Harvest Thanksgiving at St Finnbarr’s, Dornoch

Don’t forget, this Sunday is a service of Thanksgiving for Harvest at St Finnbarr’s, Dornoch – come along at the usual time of 11am and join in the Harvest classics like We Plough the Fields and Scatter. There will be a special collection for the fuel poverty fund managed by Tain Foodbank – Come, Ye Thankful People Come, Raise the Song of Harvest Home!

Sermon for Sunday 28th September 2025

Amos 6.1, 4-7 Psalm 146 1 Timothy 6.6-19 Luke 16.19-31

In our readings today, we heard one of Jesus’ famous parables, about a beggar named Lazarus and a rich man without a name.

Before we consider this parable, I want to set the stage for us. Too often, we read Jesus’ parables in isolation from their contexts. If we’re not careful, we might start imagining that Jesus was in the habit of rushing into places, telling some parables, and taking off again – leaving everyone either delighted, because it was such a nice story he told, or angry, because the story insulted them, or scratching their heads, because they had no idea what he was talking about.

That’s not how Jesus operated.
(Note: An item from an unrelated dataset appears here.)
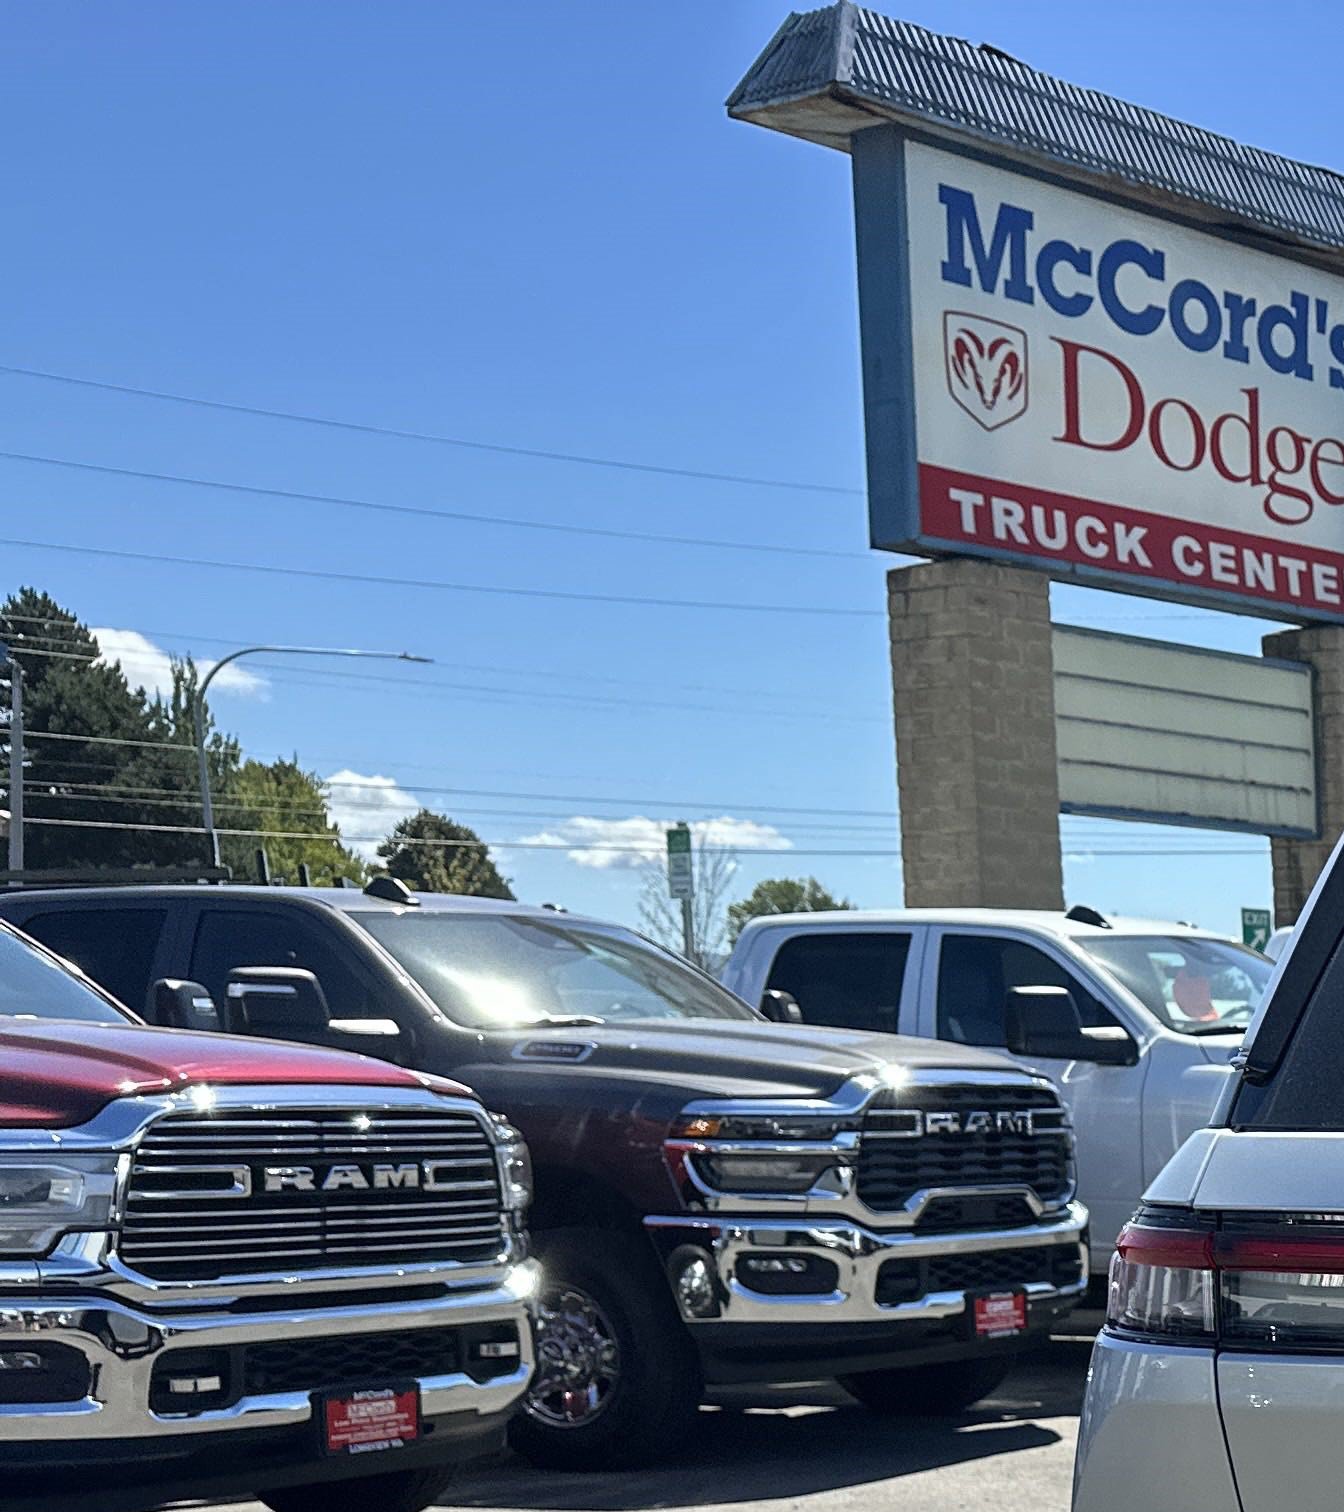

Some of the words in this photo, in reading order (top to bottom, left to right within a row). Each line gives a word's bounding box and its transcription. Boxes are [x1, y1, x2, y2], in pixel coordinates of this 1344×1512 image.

[948, 487, 1152, 570] TRUCK
[925, 1111, 1031, 1133] RAM
[264, 1163, 419, 1192] RAM
His parables were always part of a larger discussion or controversy. And he usually told these stories to challenge people’s thinking. To try and broaden their horizons, to see things from a different angle, or maybe notice something they hadn’t before.

That’s what we saw a couple of weeks ago. Remember? The scribes and Pharisees complained—for the second time in Luke’s Gospel—that Jesus was eating with tax collectors and sinners. So Jesus told the Pharisees and scribes a few parables to justify his table ministry. The stories were about something that was lost being found.

A shepherd loses a sheep, and searches until he finds it.

A poor woman loses a coin, and frantically sweeps every nook and cranny of the house until she finds it.

In these stories, those who find what had been lost invite their friends and neighbours to celebrate with them.

Jesus wants the Pharisees and scribes to see him and his disciples eating with tax collectors and sinners differently. Jesus has been out seeking the lost sheep of Israel. The tax collectors and sinners are lost sons and daughters who have come back home. When he opens his fellowship to them, he’s celebrating their return—just as the shepherd and the poor woman celebrated when they found what had been lost.

Like any other story, parables do their best work when we find ourselves in them. When something in them resonates with our experience. Whenever, for good or bad, we see something about our own lives reflected in them. But the parables can only do this profound and powerful work in us when we understand who Jesus told them to, and why he told them.

So let’s talk about the context of this week’s reading. Who was Jesus telling this story to, and why was he telling it?

The parable about the rich man and Lazarus we heard today is part of the same conversation we heard last week. Jesus and the Pharisees have been going ‘round and ‘round for a few chapters now. There’s a three-way conversation that’s going on between Jesus, the Pharisees, and his disciples. Jesus is saying things to the Pharisees that he also wants his disciples to hear. And he’s saying things to his disciples that he wants the Pharisees to hear.

Jesus begins his story this morning: There was a certain rich man. This rich man is anonymous. Like the rich man in the parable in Luke 12, who had a bumper crop and wanted to build bigger barns. Jesus said this rich man clothed himself in purple and fine linen. These were very expensive clothes—the kind royalty might wear.

Not only did the rich man dress like a king, he lived like one, too. Jesus said he feasted luxuriously every day.

By contrast, Jesus tells us, at the rich man’s gate lay a certain poor man named Lazarus. A few details here. First, it’s not enough to say poor Lazarus laid at the gate. The verb suggests he was tossed there by someone – like rubbish.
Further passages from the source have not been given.